2. **Realistic Data Simulation**:
- User emails and phone numbers are generated using Python and a Zipf distribution for a realistic distribution of data..
3. **Comprehensive Analysis**:
- SQL queries provide insights into the structure and size of the database, as well as user behavior patterns (e.g., email distribution).### Future Plans for Improving Data Generation Performance
To significantly reduce the time taken for database population, consider the following strategies:
1. **Batch Inserts**:
- Insert multiple rows in a single query (e.g., 1000 users, emails, or phone numbers per query).
- This reduces the overhead of individual insert operations.
2. **Parallel Processing**:
- Use Python's `concurrent.futures` or `multiprocessing` module to parallelize data generation and inserts.
- Divide the data into chunks and assign each chunk to a separate process or thread.
3. **Copy Command for Bulk Inserts**:
- Generate data in CSV files and use PostgreSQL's `COPY` command for bulk importing.
- This is faster than executing `INSERT` queries for large datasets.
4. **Temporary Table Usage**:
- Insert data into a temporary table without constraints or indexes, then transfer it to the main tables.

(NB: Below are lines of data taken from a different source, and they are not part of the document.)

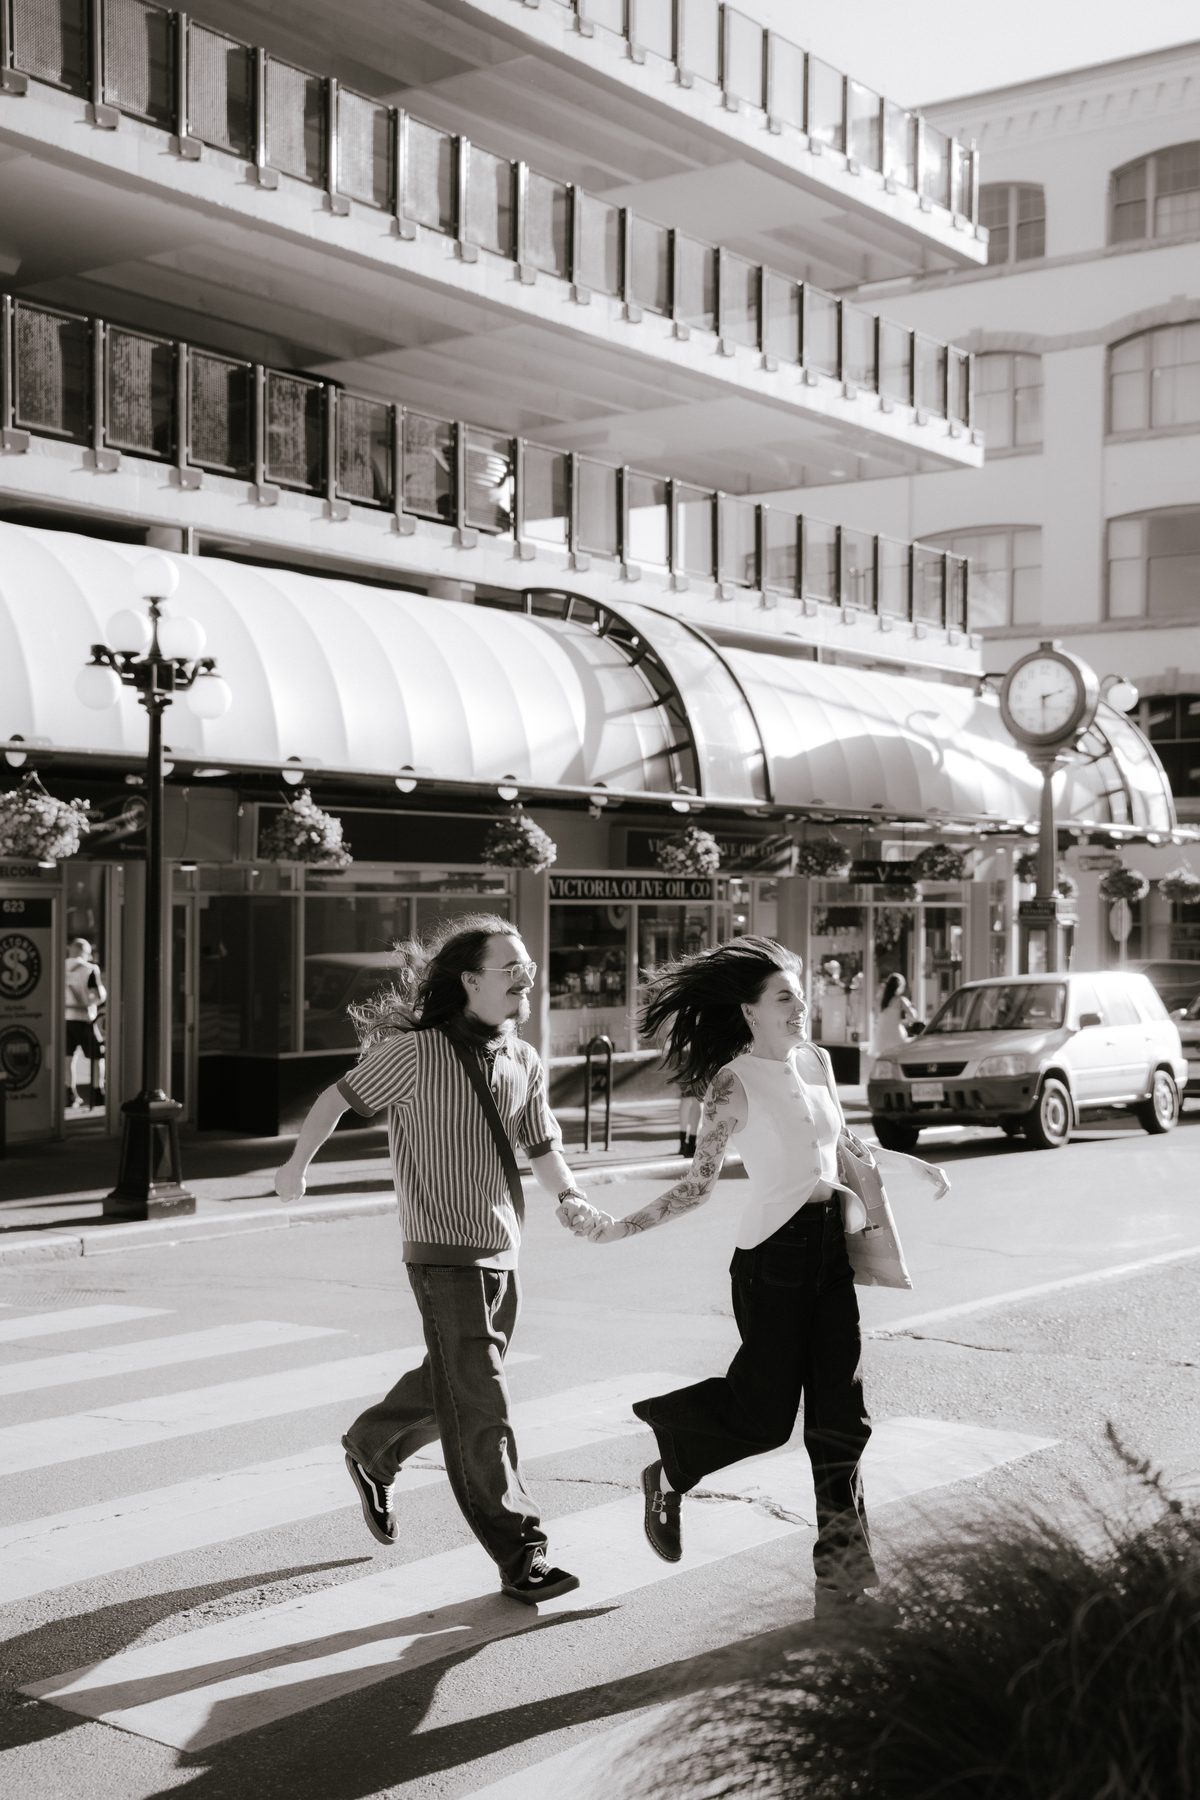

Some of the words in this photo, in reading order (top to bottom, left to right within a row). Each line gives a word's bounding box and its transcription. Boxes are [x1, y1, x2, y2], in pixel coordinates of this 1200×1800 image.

[0, 866, 41, 877] ELCOME
[550, 879, 619, 897] VICTORIA
[622, 880, 664, 897] OLIVE
[665, 881, 689, 897] OIL
[3, 900, 25, 912] 623
[0, 937, 37, 958] ICTORIA

- Constraints and indexes can be re-enabled after the bulk insert.
5. **Database Index Management**:
- Disable indexes and constraints during data insertion and re-enable them afterward to speed up writes.
6. **Connection Pooling**:
- Use a connection pooler like `pgbouncer` to optimize database connections and reduce connection overhead.

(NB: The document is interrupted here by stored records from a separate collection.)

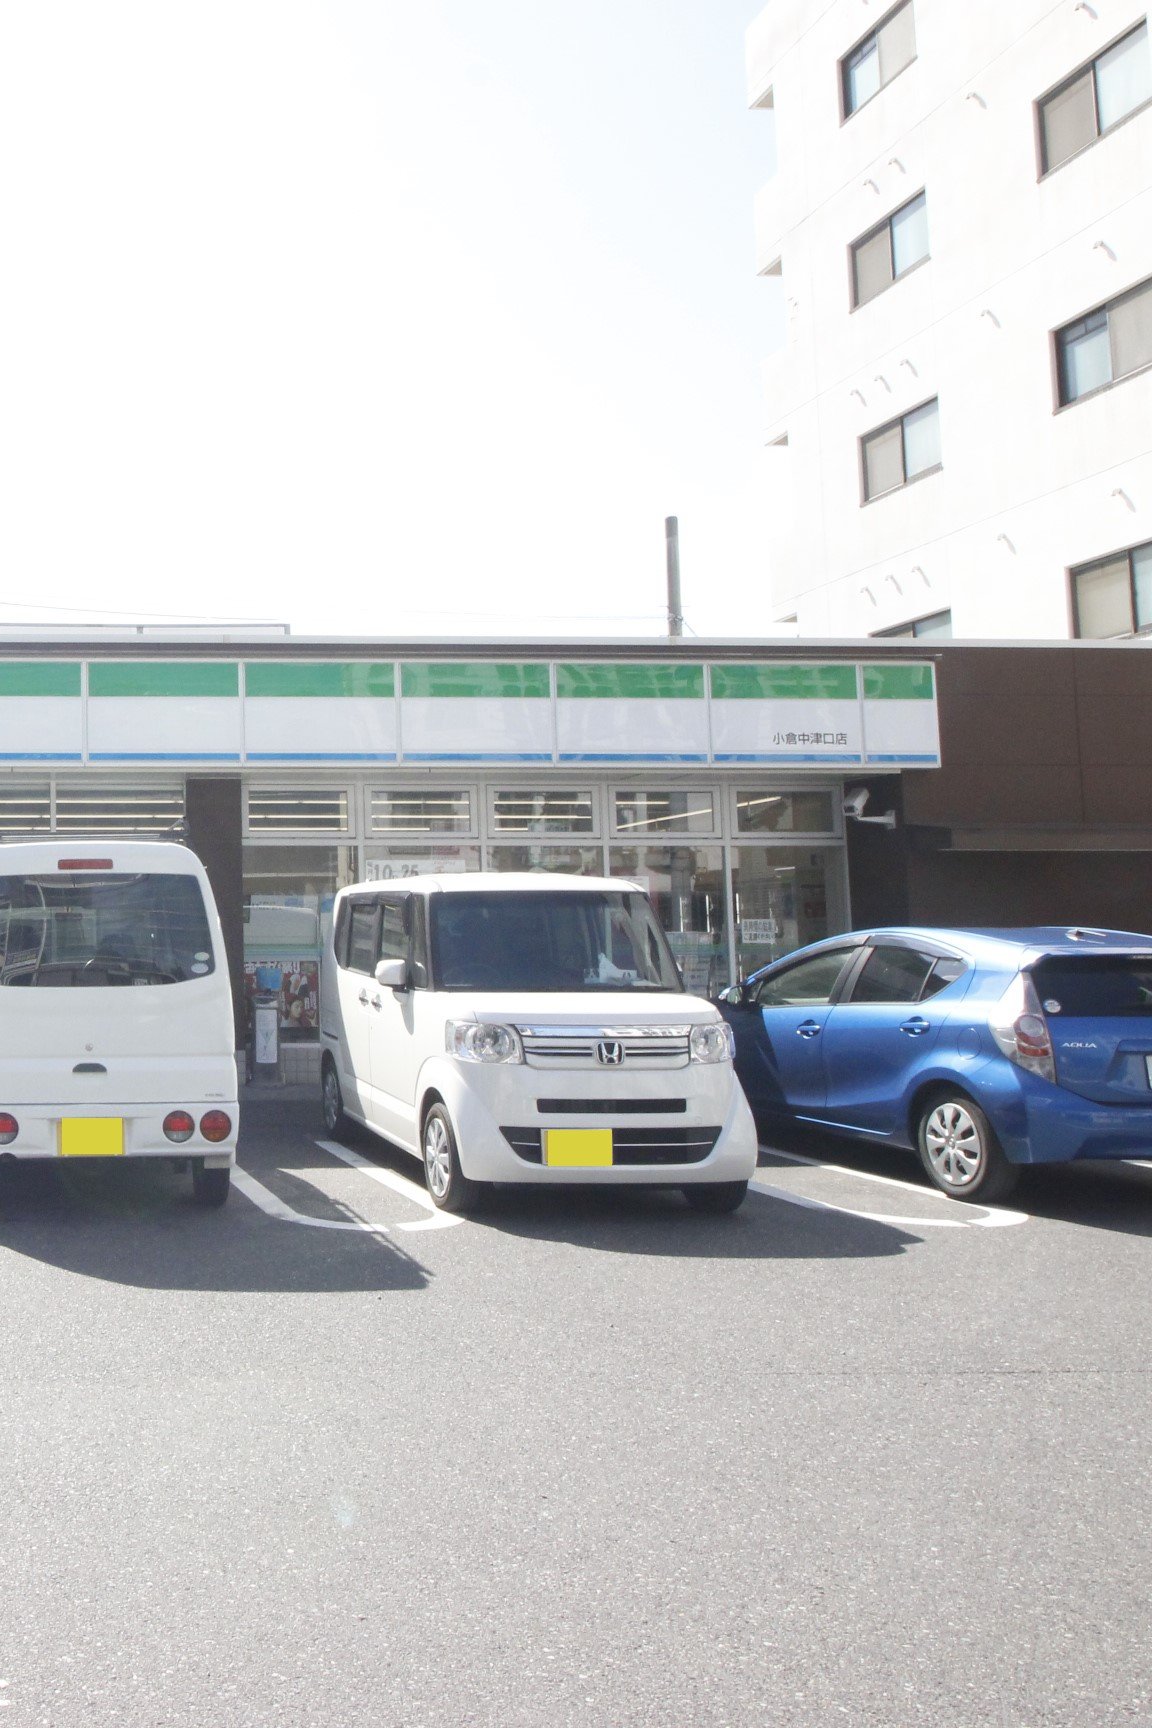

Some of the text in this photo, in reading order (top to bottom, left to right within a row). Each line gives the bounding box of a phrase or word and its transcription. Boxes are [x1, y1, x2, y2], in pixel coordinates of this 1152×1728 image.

[772, 732, 848, 746] 小倉中津口店
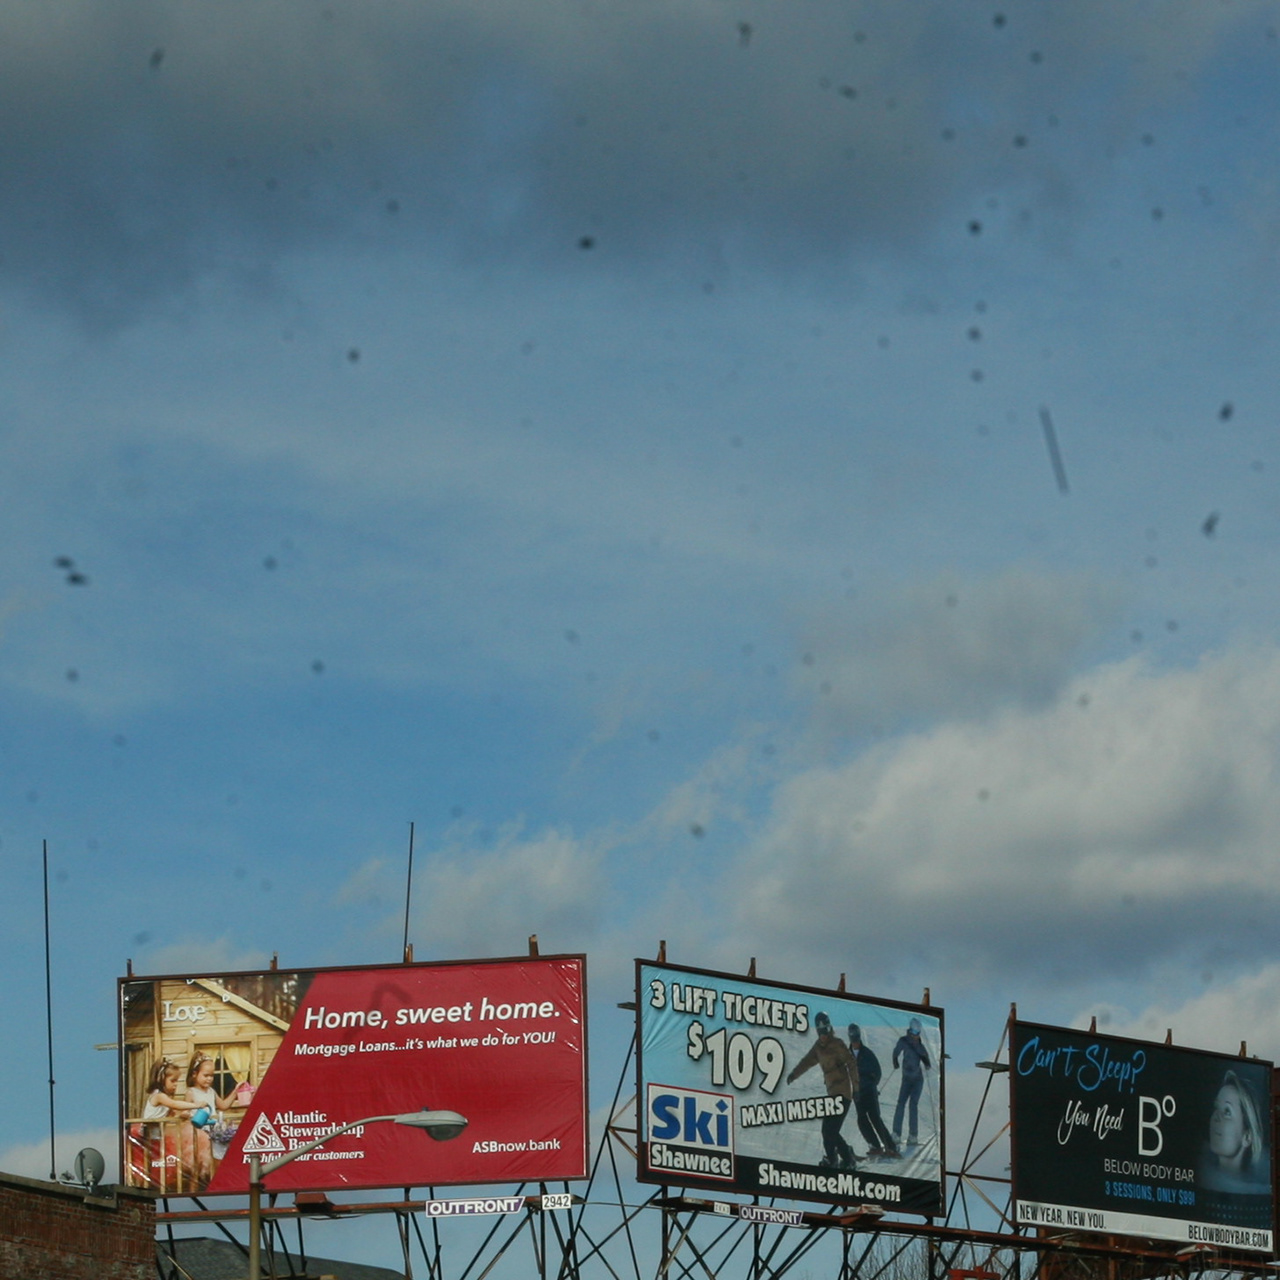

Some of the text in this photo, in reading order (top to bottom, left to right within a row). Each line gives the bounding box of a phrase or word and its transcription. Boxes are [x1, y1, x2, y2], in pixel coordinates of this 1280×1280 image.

[163, 1001, 206, 1023] Love
[304, 997, 560, 1030] Home, sweet home.
[650, 979, 809, 1032] 3 LIFT TICKETS
[294, 1042, 355, 1057] Mortgage
[426, 1036, 458, 1049] what
[460, 1038, 478, 1048] we
[482, 1034, 499, 1046] do
[501, 1033, 520, 1047] for
[522, 1031, 555, 1044] YOU!
[687, 1020, 785, 1094] $109
[1077, 1044, 1146, 1094] Sleep?
[273, 1110, 327, 1125] Atlantic
[651, 1094, 729, 1147] Ski
[741, 1095, 845, 1128] MAXI MISERS
[1058, 1099, 1125, 1145] You Need
[314, 1150, 365, 1161] customers
[472, 1138, 561, 1153] ASBnow.bank
[651, 1143, 731, 1175] Shawnee
[1104, 1158, 1195, 1183] BELOW BODY BAR
[758, 1163, 901, 1202] ShawneeMt.com
[1105, 1181, 1111, 1196] 3
[1156, 1187, 1176, 1203] ONLY
[429, 1198, 520, 1214] OUTFRONT
[543, 1196, 570, 1208] 2942
[740, 1206, 799, 1224] OUTFRONT
[1020, 1204, 1107, 1229] NEW YEAR, NEW YOU.
[1188, 1224, 1269, 1247] BELOWBODYBAR.COM

7. **Use of Parallel Transactions**:
- Open multiple connections to the database and distribute insert operations among them.
8. **Optimized UUID Generation**:
- Generate UUIDs in Python using libraries like `uuid` or `nanoid` to avoid relying on PostgreSQL's `uuid_generate_v4()` during inserts.
9. **Avoid Autocommit**:
- Use transaction batching (e.g., commit every 10,000 inserts) to reduce transaction overhead.
10. **Pre-generate Related Data**:
- Generate users, emails, and phone numbers independently, then load them in parallel without waiting for sequential dependencies.